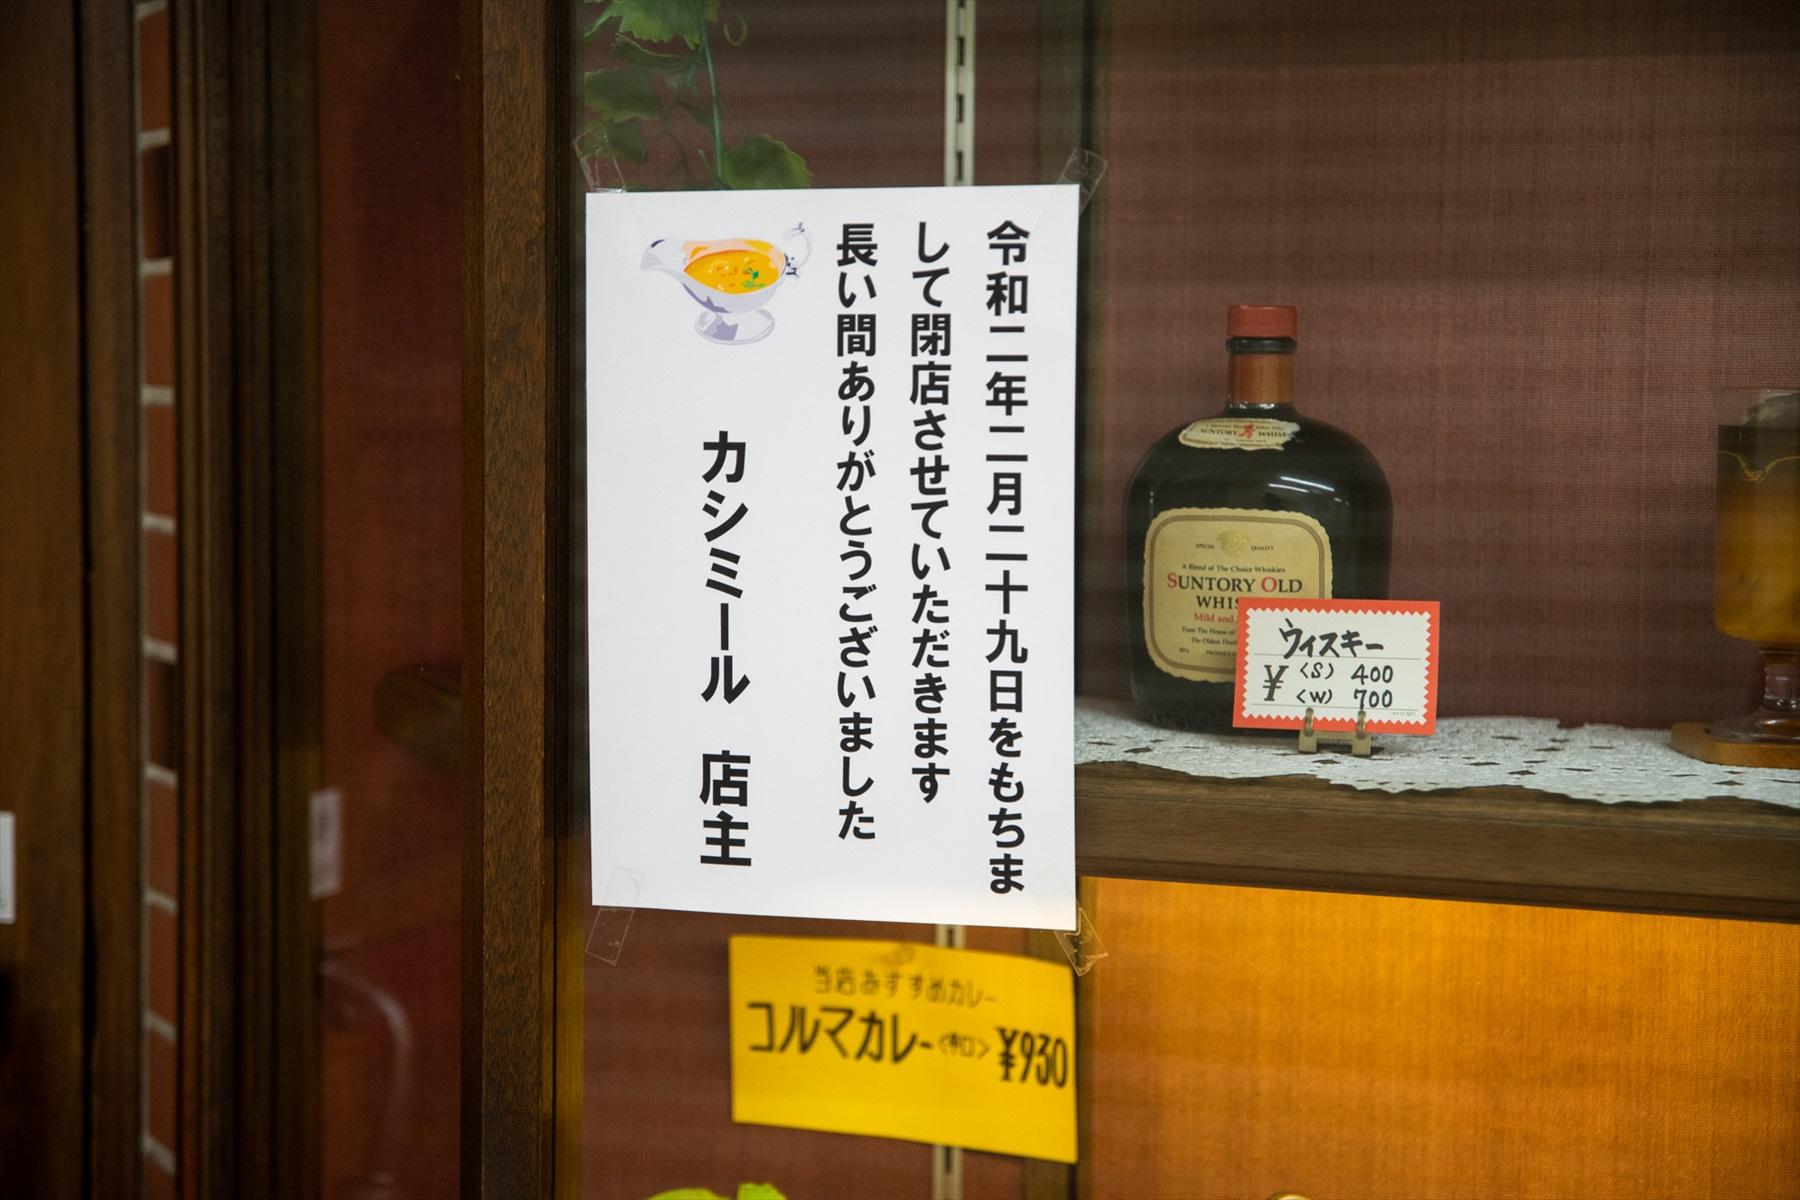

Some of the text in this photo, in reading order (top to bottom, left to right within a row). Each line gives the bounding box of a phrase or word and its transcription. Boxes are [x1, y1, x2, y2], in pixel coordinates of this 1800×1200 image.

[836, 223, 879, 840] 長い間ありがとうございました
[909, 221, 952, 804] して閉店させていただきます
[985, 220, 1030, 895] 令和二年二月二十九日をもちま
[1216, 565, 1229, 573] The
[1167, 573, 1303, 594] SUNTORY OLD
[1194, 612, 1235, 624] Mild and
[1278, 617, 1385, 660] ウィスキー
[699, 430, 752, 867] カシミール 店主
[1262, 664, 1290, 702] ¥
[1350, 663, 1394, 686] 400
[1353, 688, 1394, 709] 700
[995, 1025, 1069, 1090] ¥930
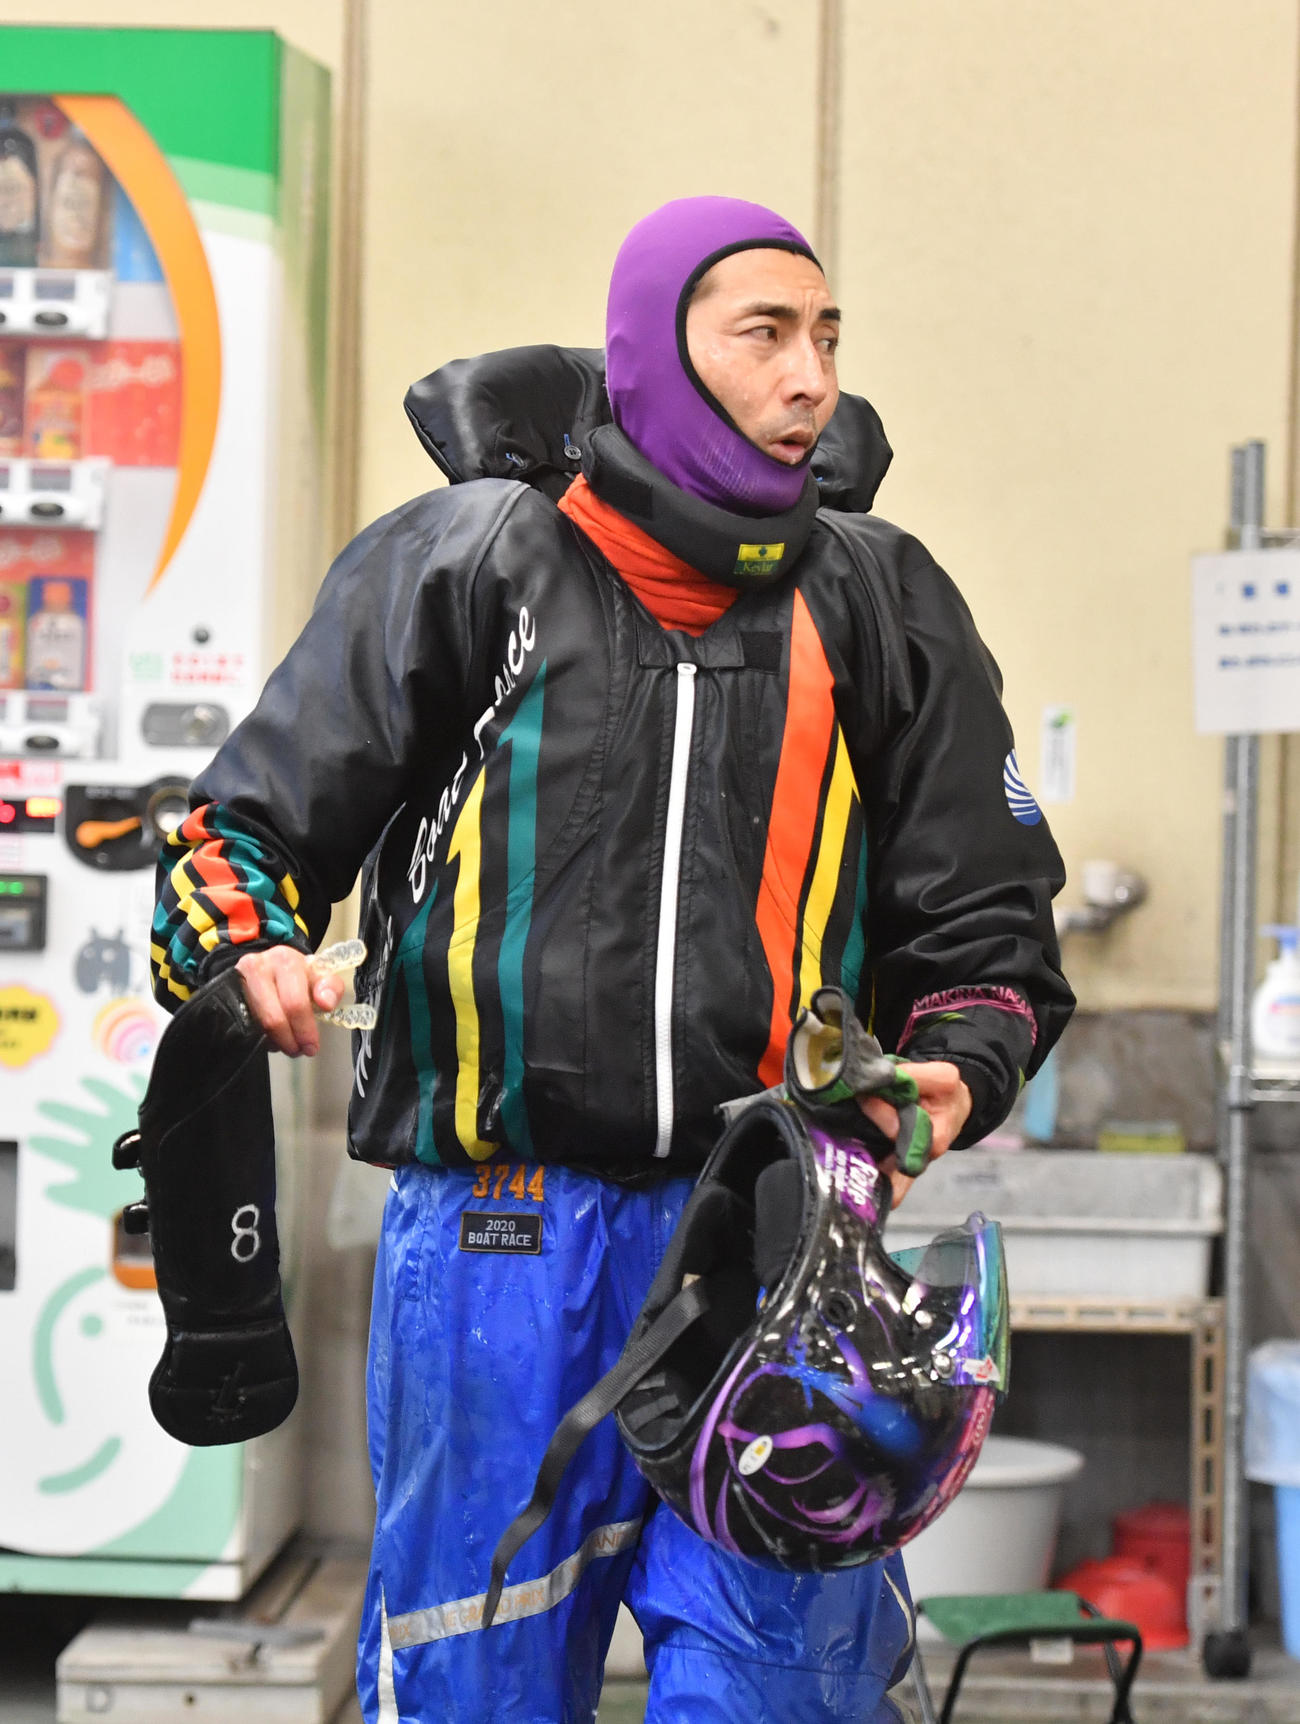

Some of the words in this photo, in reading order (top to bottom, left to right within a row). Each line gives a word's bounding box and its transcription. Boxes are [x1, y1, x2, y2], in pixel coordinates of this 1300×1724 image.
====
What needs to be done
Would you transcribe all of the entries above exactly, minus the images?

Task answer
Some of the text in this photo, in reading order (top to bottom, left to right within a row). Each line gives the bounding box of a phrase or word and its transcription. Boxes are [x1, y1, x2, y2], in pixel coordinates of this 1800×1200 image.

[836, 223, 879, 840] 長い間ありがとうございました
[909, 221, 952, 804] して閉店させていただきます
[985, 220, 1030, 895] 令和二年二月二十九日をもちま
[1216, 565, 1229, 573] The
[1167, 573, 1303, 594] SUNTORY OLD
[1194, 612, 1235, 624] Mild and
[1278, 617, 1385, 660] ウィスキー
[699, 430, 752, 867] カシミール 店主
[1262, 664, 1290, 702] ¥
[1350, 663, 1394, 686] 400
[1353, 688, 1394, 709] 700
[995, 1025, 1069, 1090] ¥930

Some of the words in this photo, in reading order (top to bottom, left to right within a row). Each line gives a word's bounding box and its transcription. Boxes are [x1, y1, x2, y2], in pixel coordinates of this 1300×1724 image.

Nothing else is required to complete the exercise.